CBT also has mountains of research behind it supporting that it is a highly effective therapy. It has been found to be effective for a wide range of mental health conditions. Additionally, the skills and strategies that individuals learn in CBT can be applied to other areas of their life, such as work and relationships, which can improve overall well-being.
However, it’s worth mentioning that, like any other therapy, CBT isn’t suitable for everyone. Here are few of its limitations and critiques
- Limited Focus on the Past: CBT primarily focuses on present thoughts, feelings and behaviors and their relationship to current problems. It does not delve deeply into past experiences and may not address underlying issues that may be contributing to current problems.
- Simplistic View of Emotion: CBT assumes that negative thoughts lead to negative emotions, and by changing these thoughts, one can change their emotions. However, emotions are complex and multifaceted and cannot be reduced to this simplistic view.
- Limited in Dealing with Complex Trauma: CBT is not always effective in dealing with complex trauma or severe mental health conditions such as Borderline Personality Disorder. It may not address the deep-seated emotional and psychological issues that underlie these conditions.
- Limited in Addressing Social and Environmental Factors: CBT does not take into account the impact of social and environmental factors on mental health. It may not address how societal issues such as poverty, discrimination, and lack of access to healthcare impact mental health.
- Limited in Addressing Systemic Issues: CBT is often criticized for placing the responsibility for change solely on the individual, and not addressing the systemic issues that may be contributing to mental health problems. If you’d like to learn more about this, check out the book Sedated by Davies.

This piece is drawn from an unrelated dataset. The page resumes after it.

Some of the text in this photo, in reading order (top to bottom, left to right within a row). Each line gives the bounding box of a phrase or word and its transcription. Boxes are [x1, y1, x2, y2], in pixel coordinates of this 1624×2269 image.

- Limited in Addressing Cultural Issues: CBT is a Western-based therapy and may not be appropriate or effective for individuals from different cultural backgrounds. It may not take into account the unique cultural experiences and beliefs of individuals.

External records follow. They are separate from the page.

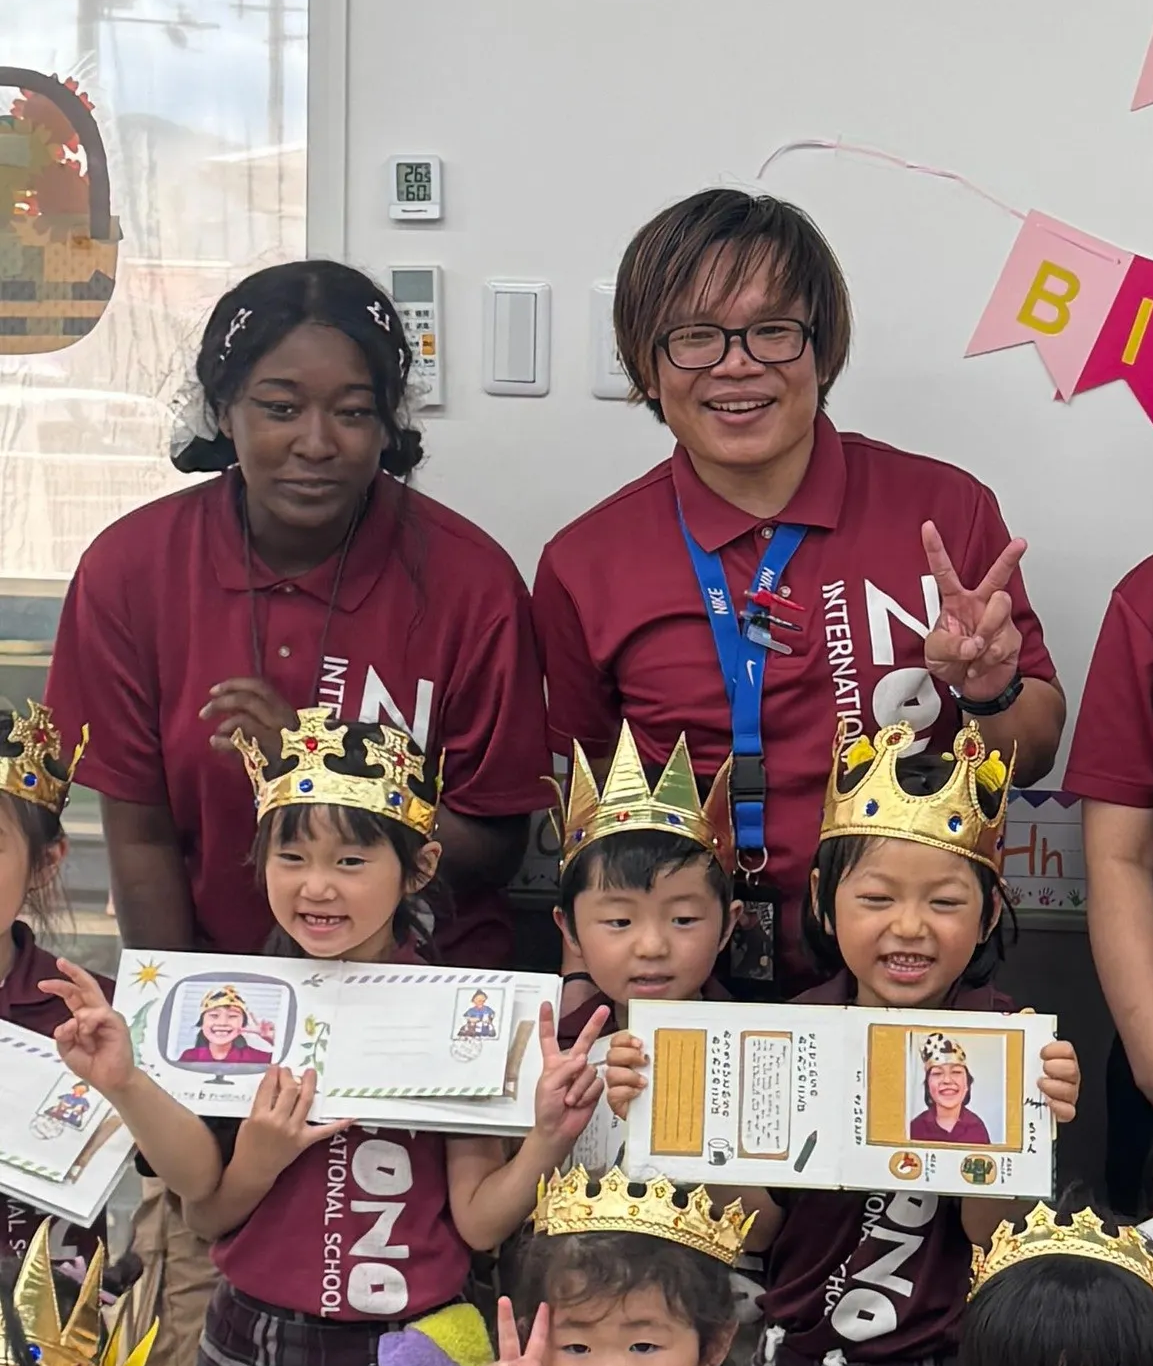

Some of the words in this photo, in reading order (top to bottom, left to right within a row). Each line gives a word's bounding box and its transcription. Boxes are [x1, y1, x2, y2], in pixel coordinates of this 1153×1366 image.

[708, 587, 729, 615] NIKE
[757, 566, 776, 592] NIK
[347, 1128, 414, 1315] ONO
[321, 1233, 343, 1318] SCHOOL
[831, 1191, 939, 1342] ONO

It’s important to note that these critiques do not mean that CBT is not effective, but rather that it is not a one-size-fits-all approach and may not be suitable for everyone. It’s important to consult with a qualified therapist to determine the most appropriate treatment for an individual’s specific needs and circumstances.
In conclusion, CBT is a type of psychotherapy that focuses on identifying and changing negative thoughts and behaviors that are contributing to mental health issues. It is a structured, short-term therapy that is based on the cognitive model of emotional disorders, and it is an evidence-based treatment that has been found to be effective for a wide range of mental health conditions. It is a relatively straightforward and easy-to-understand therapy, and it is highly effective. It can also be adapted to meet the needs of different populations and can be delivered in a variety of settings. However, it is not suitable for everyone and it’s important that individuals work with a qualified therapist to determine if CBT is the right therapy for them.
***It’s important to note that insurance and funding have played a significant role in the rise of Cognitive Behavioral Therapy (CBT) as the dominant form of psychotherapy. CBT is often seen as a cost-effective and evidence-based treatment for a wide range of mental health conditions. This has made it more attractive to insurance companies and funding agencies, as it is seen as a way to reduce healthcare costs. So keeping this in mind, where we land on CBT as a practice is that it’s a vital piece of our toolkit. However we are all passionate about helping our clients understand the bigger questions around their experiences such as why and how things work. Though we often begin with CBT, we aim to deliver an enriched Psychotherapy experience by also exploring your attachment history, and take your global functioning into account.